Poster
in
Workshop: Multimodal Representation Learning (MRL): Perks and Pitfalls
Using Multimodal DNNs to Localize Vision-Language Integration in the Brain
Vighnesh Subramaniam · Colin Conwell · Christopher Wang · Gabriel Kreiman · Boris Katz · Ignacio Cases · Andrei Barbu
Keywords: [ multimodal processing ] [ neuroscience ] [ vision and language ] [ neural decoding ]
We leverage a large electrocorticography dataset consisting of neural recordings in response to movie viewing and a battery of unimodal and multimodal deep neural network models (SBERT, BEIT, SIMCLR, CLIP, SLIP) to identify candidate sites of multimodal integration in the human brain.
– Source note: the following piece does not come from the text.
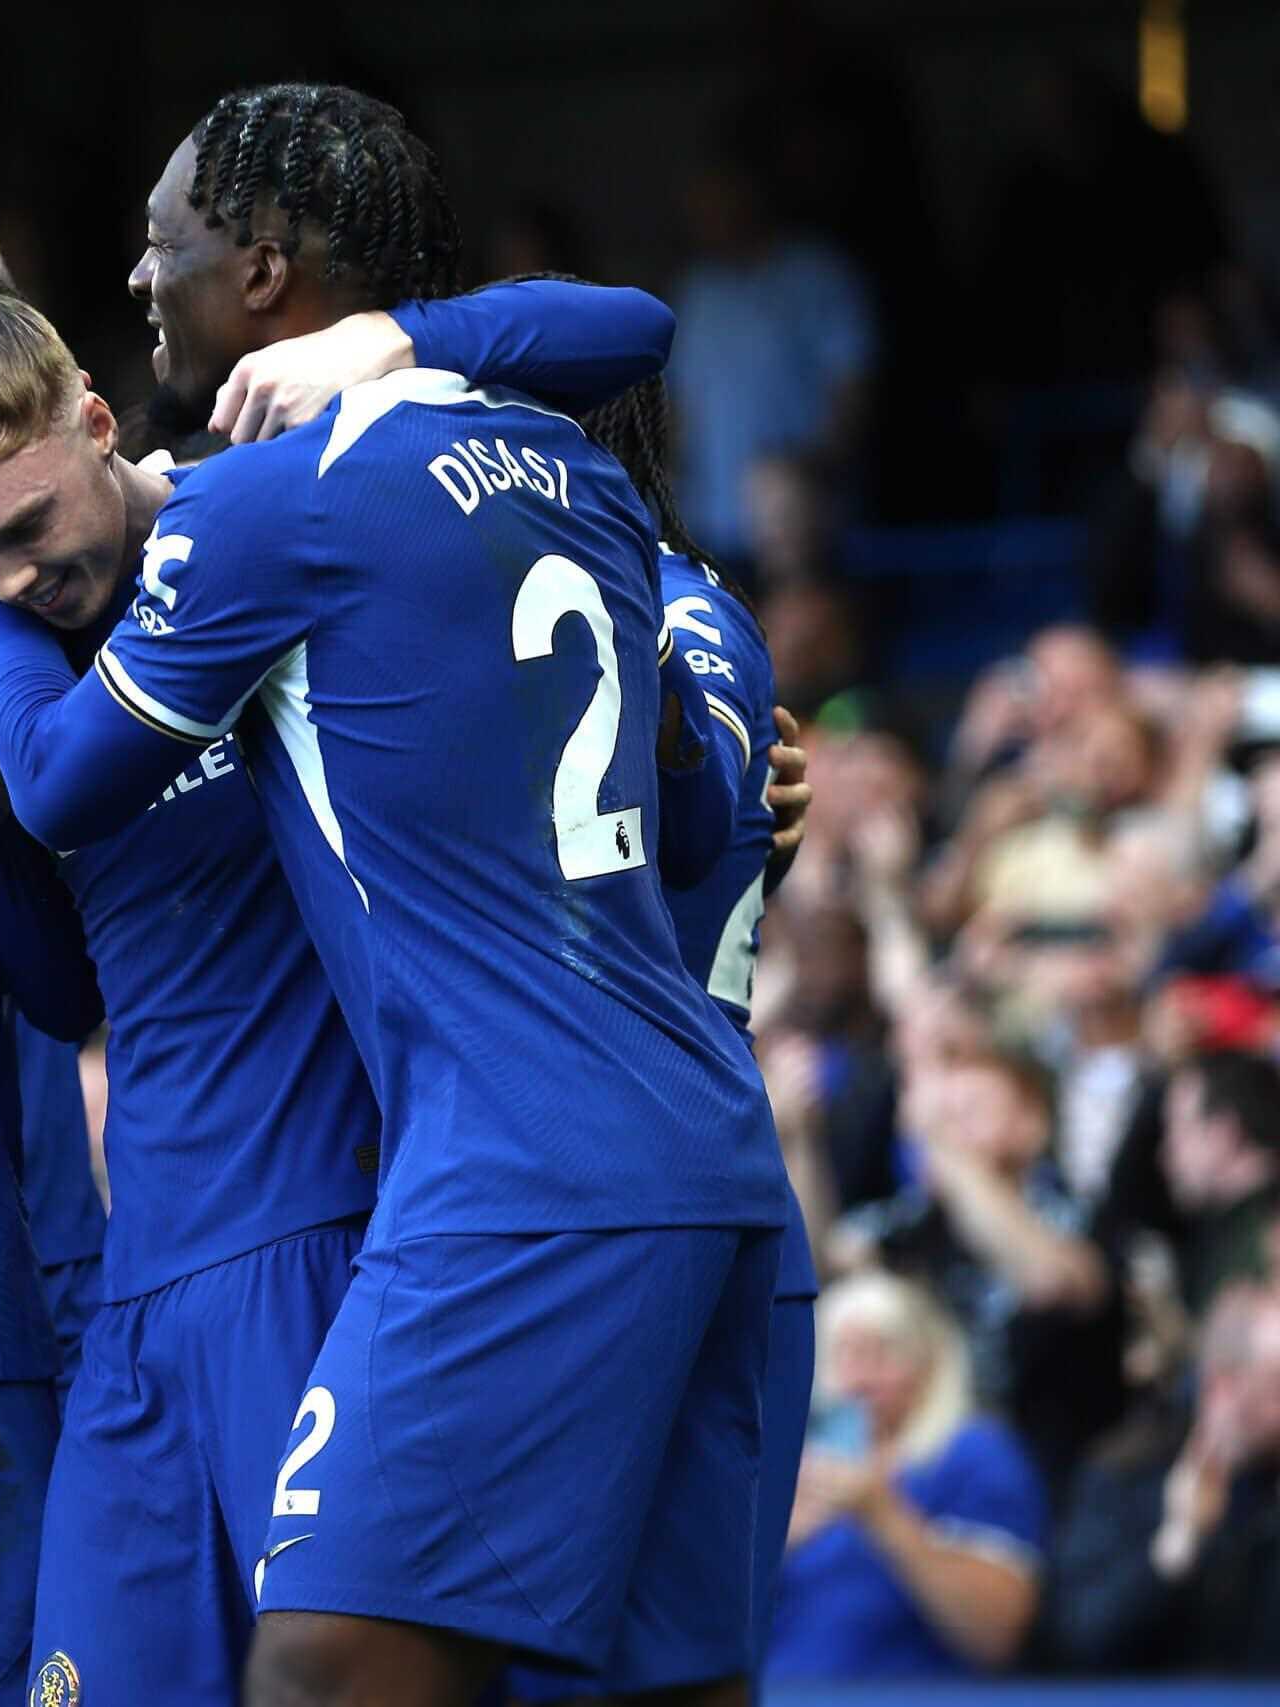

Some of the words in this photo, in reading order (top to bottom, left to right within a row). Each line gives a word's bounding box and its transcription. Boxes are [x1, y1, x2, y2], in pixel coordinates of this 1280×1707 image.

[427, 438, 570, 515] DISASI
[511, 553, 647, 881] 2
[272, 1385, 336, 1518] 2
Our data-driven method involves three steps: first, we parse the neural data into distinct event-structures defined either by word onset times, or visual scene cuts. We then use the activity generated by these event-structures in our candidate models to predict the activity generated in the brain. Finally, using contrasts between models with or without multimodal learning signals, we isolate those neural arrays driven more by multimodal representations than by unimodal representations. Using this method, we identify a sizable set of candidate neural sites that our model predictions suggest are shaped by multimodality (from 3%-29%, depending on increasingly conservative statistical inclusion criteria). We note a meaningful cluster of these multimodal neurons in and around the temporoparietal junction, long theorized to be a hub of multimodal integration.